Мультикультурализм – это описание обществ, которые де-факто многообразны. Но этот термин стал и обозначением политической программы, предполагавшей необходимость и способность одинаково ценить каждую культуру и каждый жизненный опыт, а в особенности те, которыми пренебрегали или которые недооценивали в прошлом. Если классический либерализм направлен на защиту независимости равных индивидуумов, новая идеология мультикультурализма поощряет равное уважение к культурам, даже если эти культуры ограничивают независимость тех, кто в них вовлечен.
Первоначально понятие мультикультурализм использовалось применительно к крупным культурным группам, таким как канадцы-франкофоны, иммигранты-мусульмане или афроамериканцы. Однако эти группы дробились на более мелкие и более специфичные подгруппы с различным опытом, а также подгруппы, определявшие свою идентичность через пересечение различных форм дискриминации, например цветные женщины, чью жизнь невозможно понять через призму только расы или только пола.
Дальнейший рост внимания к вопросам идентичности был обусловлен возрастающей сложностью выработки политических программ, ведущих к крупномасштабным социально-экономическим изменениям. К 1970-м и 1980-м гг. прогрессистские движения в развитом мире столкнулись с экзистенциальным кризисом. Крайне левые силы в первой половине века руководствовались марксизмом, в центре их внимания был рабочий класс, а главной целью – пролетарская революция. Социал-демократы, которые в отличие от марксистов принимали либеральную демократию за основу, имели иную повестку дня: они стремились расширить возможности социального государства с тем, чтобы предоставить больше защиты большему числу людей. И марксисты, и социал-демократы надеялись добиться большего социально-экономического равенства за счет использования государственной власти – как для обеспечения доступа к социальным благам всех граждан, так и для перераспределения богатства и доходов.

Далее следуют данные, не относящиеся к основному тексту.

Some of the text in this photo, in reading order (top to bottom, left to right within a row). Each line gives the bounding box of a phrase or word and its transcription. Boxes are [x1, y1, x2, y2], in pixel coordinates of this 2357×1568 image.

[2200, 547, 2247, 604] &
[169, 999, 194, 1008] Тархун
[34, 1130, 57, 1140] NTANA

К концу столетия пределы возможностей этой стратегии становились очевидны. Марксисты столкнулись с тем, что коммунистические общества в Советском Союзе и Китае превратились в гротескные и деспотичные диктатуры, порицаемые даже коммунистическими лидерами вроде Никиты Хрущева и Михаила Горбачева. Между тем рабочий класс в большинстве индустриальных демократий стал богаче и начал счастливо сливаться со средним классом. Коммунистическая революция и отмена частной собственности выпали из повестки дня.

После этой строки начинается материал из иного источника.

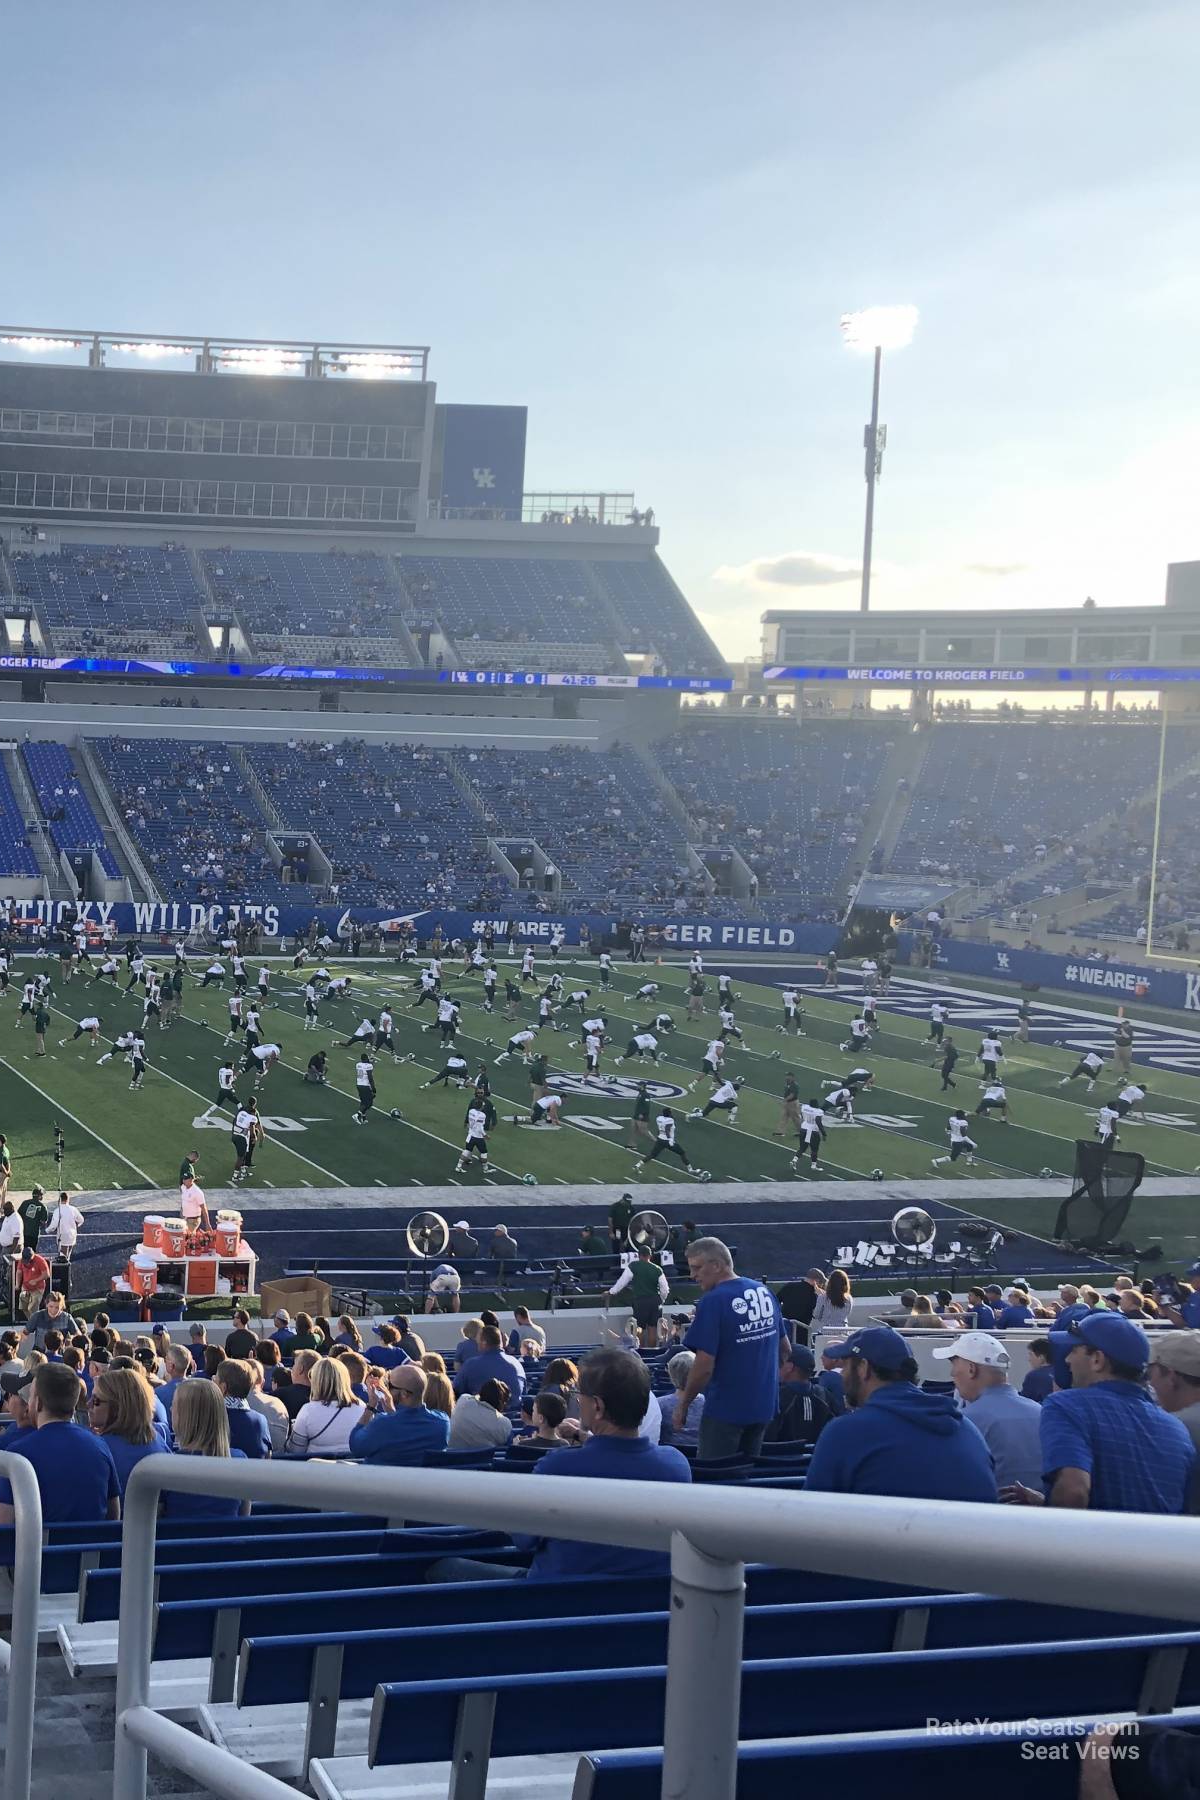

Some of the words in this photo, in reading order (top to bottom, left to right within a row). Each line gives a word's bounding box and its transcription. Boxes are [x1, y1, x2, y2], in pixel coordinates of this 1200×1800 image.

[561, 676, 597, 687] 41:26
[847, 669, 913, 681] WELCOME
[915, 670, 933, 681] TO
[935, 670, 988, 681] KROGER
[989, 670, 1025, 681] FIELD
[722, 926, 796, 947] FIELD
[743, 1286, 774, 1321] 36

В тупике оказались и социал-демократы: их цель – постоянный рост социального государства – столкнулась с реальностью финансовых ограничений в бурные 1970-е гг. Правительства отреагировали, включив печатный станок, что привело к инфляции и финансовому кризису; программы перераспределения создавали порочные стимулы, препятствующие трудоустройству, накоплению и предпринимательству, что, в свою очередь, ограничивало размер пирога, доступного для перераспределения. Несмотря на амбициозные проекты, направленные на искоренение неравенства, вроде «Великого общества» Линдона Джонсона, оно оставалось глубоко укорененным. Переход Китая к рыночной экономике после 1978-го и распад Советского Союза в 1991 г. вынудил марксистов покинуть политическую сцену, а социал-демократов заключить мир с капитализмом. В то же время растущее разочарование правительством после таких провалов, как война во Вьетнаме и Уотергейтский скандал, испытывали и левые, и правые.

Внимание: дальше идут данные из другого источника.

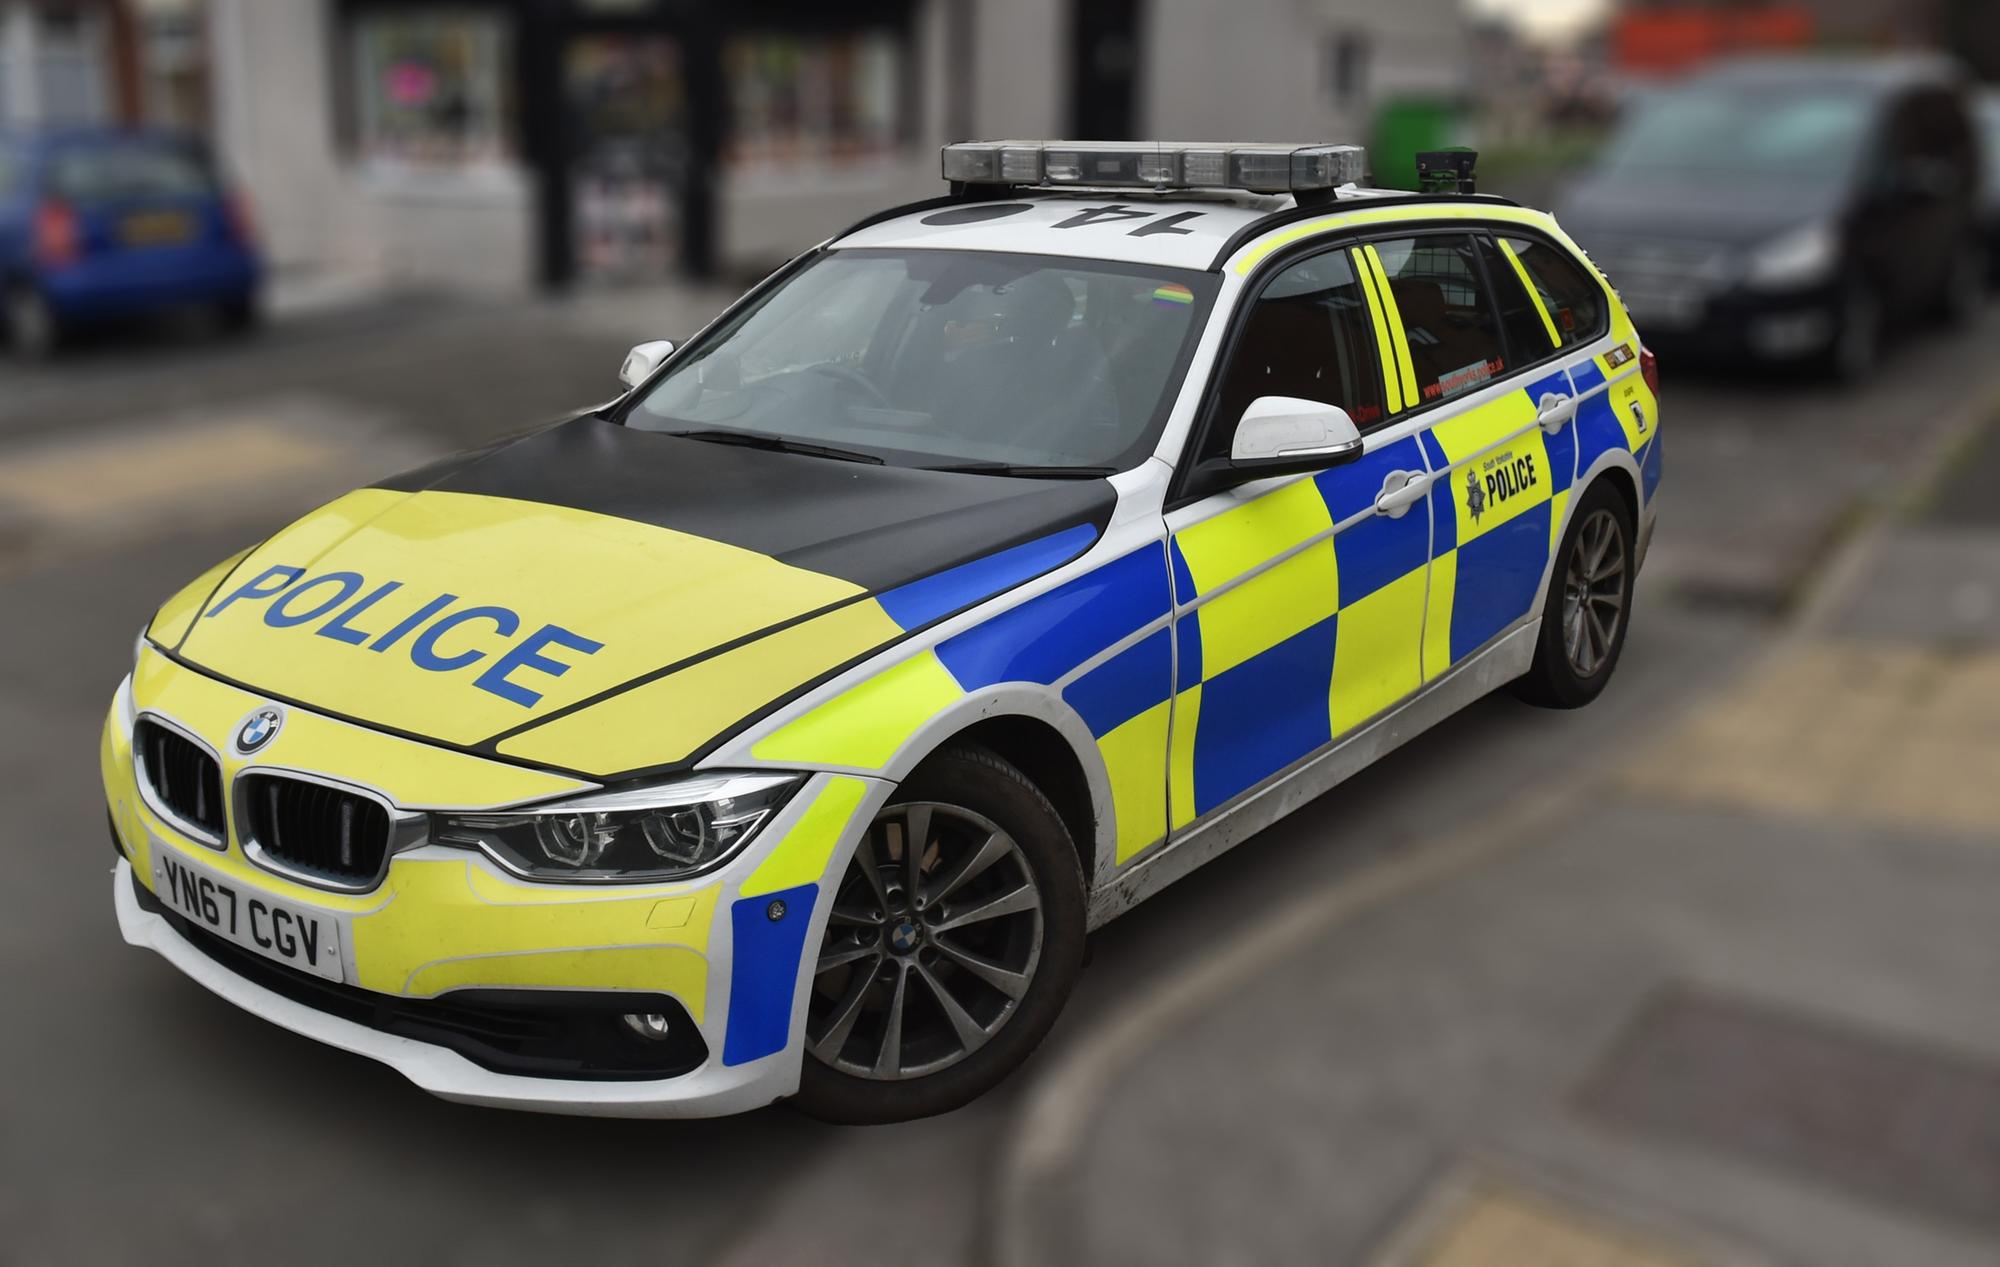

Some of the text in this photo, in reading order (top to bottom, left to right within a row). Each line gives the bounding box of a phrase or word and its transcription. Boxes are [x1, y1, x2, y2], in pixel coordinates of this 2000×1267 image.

В последние десятилетия ХХ в. энтузиазм поборников крупномасштабных социально-экономических реформ несколько угас, а левые признали политику идентичности и мультикультурализма. Они по-прежнему отстаивали равенство, но акценты их повестки сместились с условий жизни рабочего класса на внимание к зачастую психологическим нуждам постоянно расширяющегося круга маргинализированных групп. Многие активисты считали «старый» рабочий класс и его профсоюзы привилегированной группой, мало сочувствующей бедственному положению иммигрантов или расовых меньшинств, которые находились в худшем положении, чем «традиционный» пролетариат. Борьба велась за признание новых групп и их прав, а не вокруг экономического неравенства отдельных лиц. Таким образом, «старый» рабочий класс оказался забыт.
Нечто подобное происходило в таких европейских странах, как Франция, где ультралевые всегда имели больший политический вес, чем в Соединенных Штатах. После волнений мая 1968 г. революционные цели старых марксистов в новой, только зарождающейся Европе утратили актуальность. Повестка левых сместилась в область культуры: необходимо было разрушить не политический строй, эксплуатирующий рабочий класс, а гегемонию западной культуры и ценностей, подавляющую меньшинства на родине и в развивающихся странах за рубежом. Классический марксизм многое воспринял из западного Просвещения: веру в науку и рациональность, в исторический прогресс и в превосходство современных обществ над традиционными. Новые «культурные левые», напротив, были в большей степени ницшеанцами и релятивистами; они оспаривали христианские и демократические ценности, на которых зиждилось Просвещение. Западная культура была для них инкубатором колониализма, патриархата и проблем, связанных с окружающей средой. Затем эта критика вернулась в США, прижившись в американских университетах в облике постмодернизма и деконструктивизма.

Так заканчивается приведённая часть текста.